Honda's share of the European automotive market had been in decline since 1998, and the company's position as the number two Japanese automotive company, behind Toyota, had been taken by Nissan. European consumers perceived the brand as staid and uninspiring, and the cars to be of lesser quality than those produced by European manufacturers. In one survey, one quarter of respondents "wouldn't dream of buying a Honda as their next car". It was in this climate in 2001 that advertising agency Wieden+Kennedy proposed to Honda a new advertising strategy based on the company's Japanese motto, "Yume No Chikara" ("Power of Dreams"). The stated goal of the campaign was to increase Honda's share of the UK market to five percent within three years and to change the public image of the brand from "dull but functional" to "warm and consumer-friendly", all on a lower marketing budget than its predecessor agency had demanded.

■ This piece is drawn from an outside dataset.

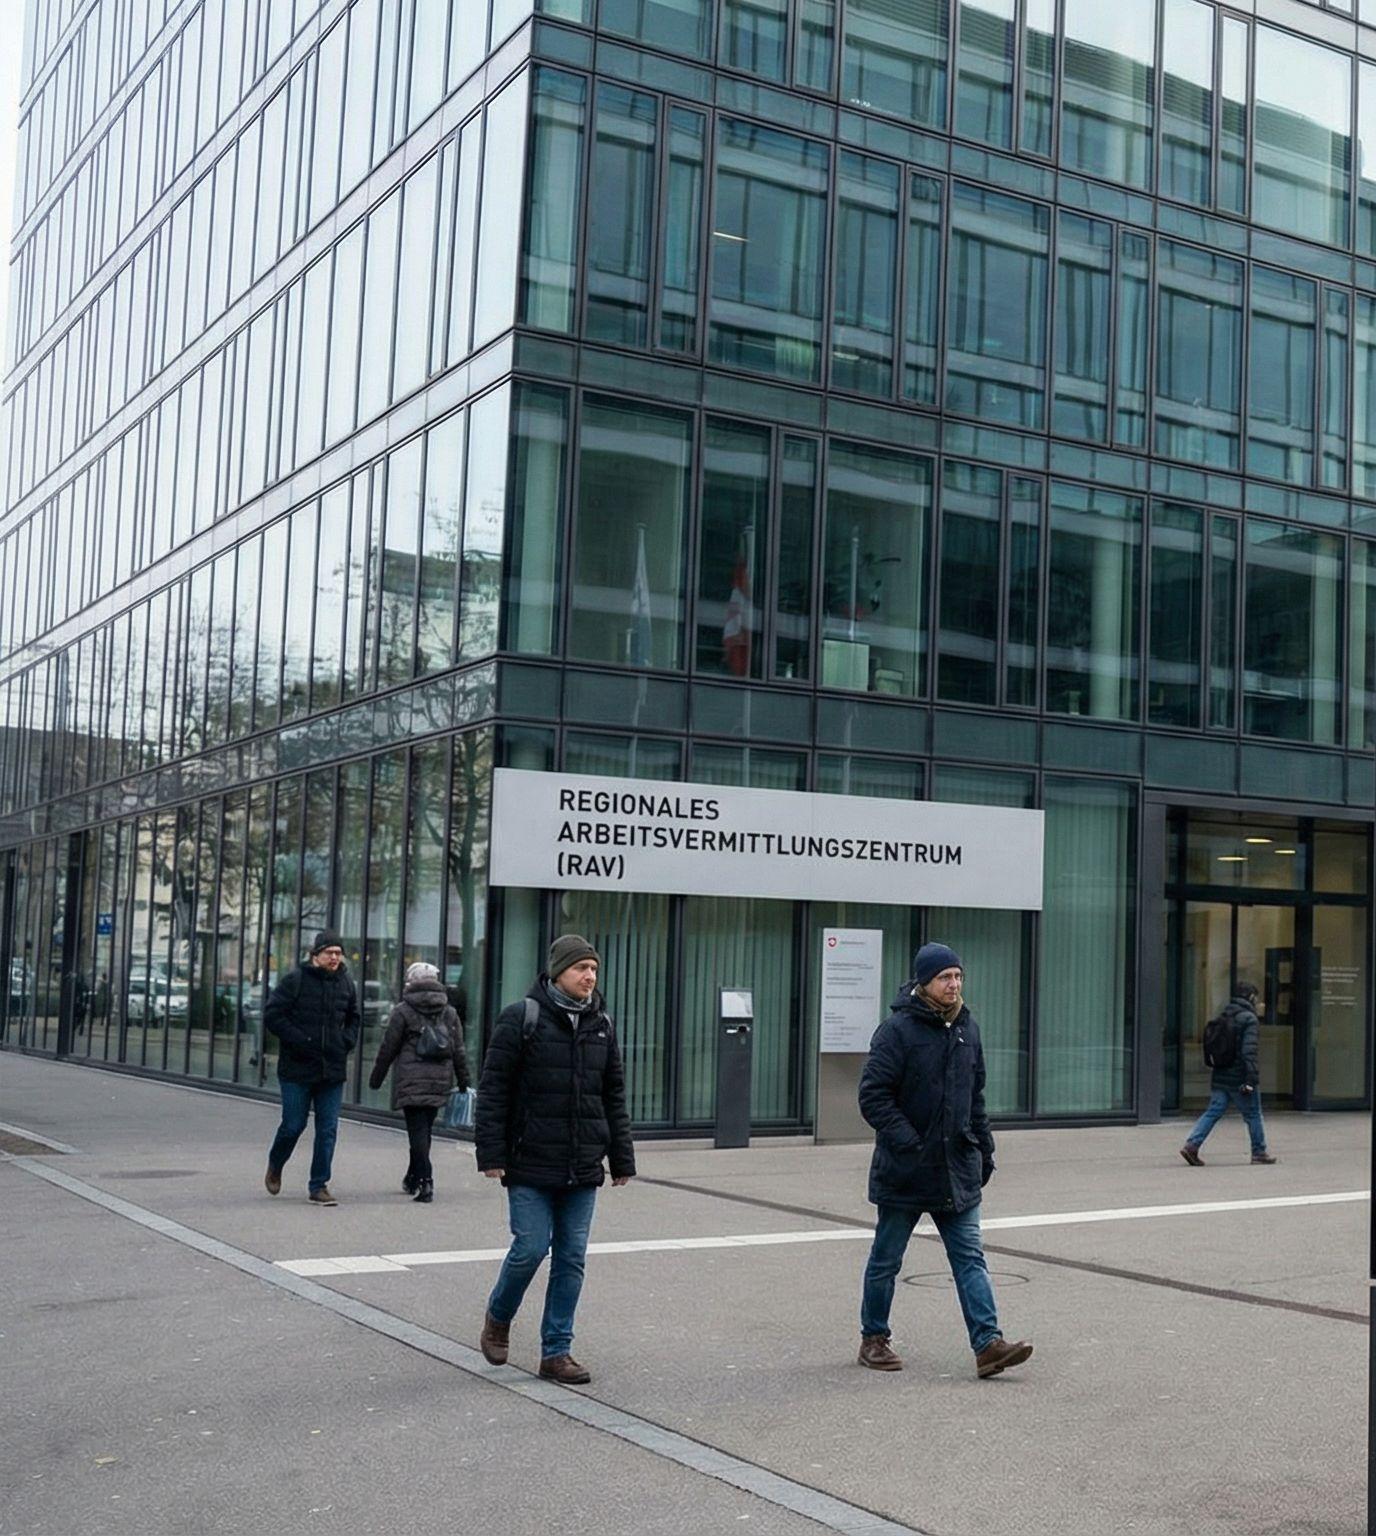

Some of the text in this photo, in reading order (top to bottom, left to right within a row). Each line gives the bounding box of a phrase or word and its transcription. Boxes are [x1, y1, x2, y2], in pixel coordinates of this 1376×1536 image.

[559, 788, 720, 820] REGIONALES
[557, 820, 962, 866] ARBEITSVERMITTLUNGSZENTRUM
[557, 851, 625, 880] (RAV)

The first series of promotions in the United Kingdom adopted the strapline "What if...?", and explored various "dream-like" scenarios. The first television campaign explicitly introduced the premise of the campaign by asking what would happen if the world's favourite word (Okay) was replaced with "What if?". The next few pieces of the campaign, "Pecking Order", "Seats", and "Bus Lane" for television and "Doodle", "Big Grin", and "Oblonger" for radio, became progressively more surreal, and featured oddities ranging from a traffic cone draped in leopard fur to trees growing traffic lights from their branches. In 2002, W+K Creative Directors Tony Davidson and Kim Papworth and creative team Matt Gooden and Ben Walker, proposed a new television and cinema advertisement to promote the seventh-generation Honda Accord line that had recently been rolled out in Europe and Japan. The advertisement, based on a complex chain reaction of moving parts from the Accord itself, was approved and given the working title "Cog".

===Pre-production===
Gooden and Walker had been working together since 1988. By 2002, their portfolio included a Guinness World Record-holding one-second advertisement produced for Leo Burnett Worldwide, and a depression-awareness booklet for the Charlie Waller Memorial Trust. Wieden+Kennedy approached Honda with a rough, low-budget 30-second trial film, inspired by the children's board game Mouse Trap, Caractacus Potts' breakfast-making machine in the film Chitty Chitty Bang Bang, and a 1987 Swiss art film by Peter Fischli and David Weiss, Der Lauf der Dinge (The Way Things Go).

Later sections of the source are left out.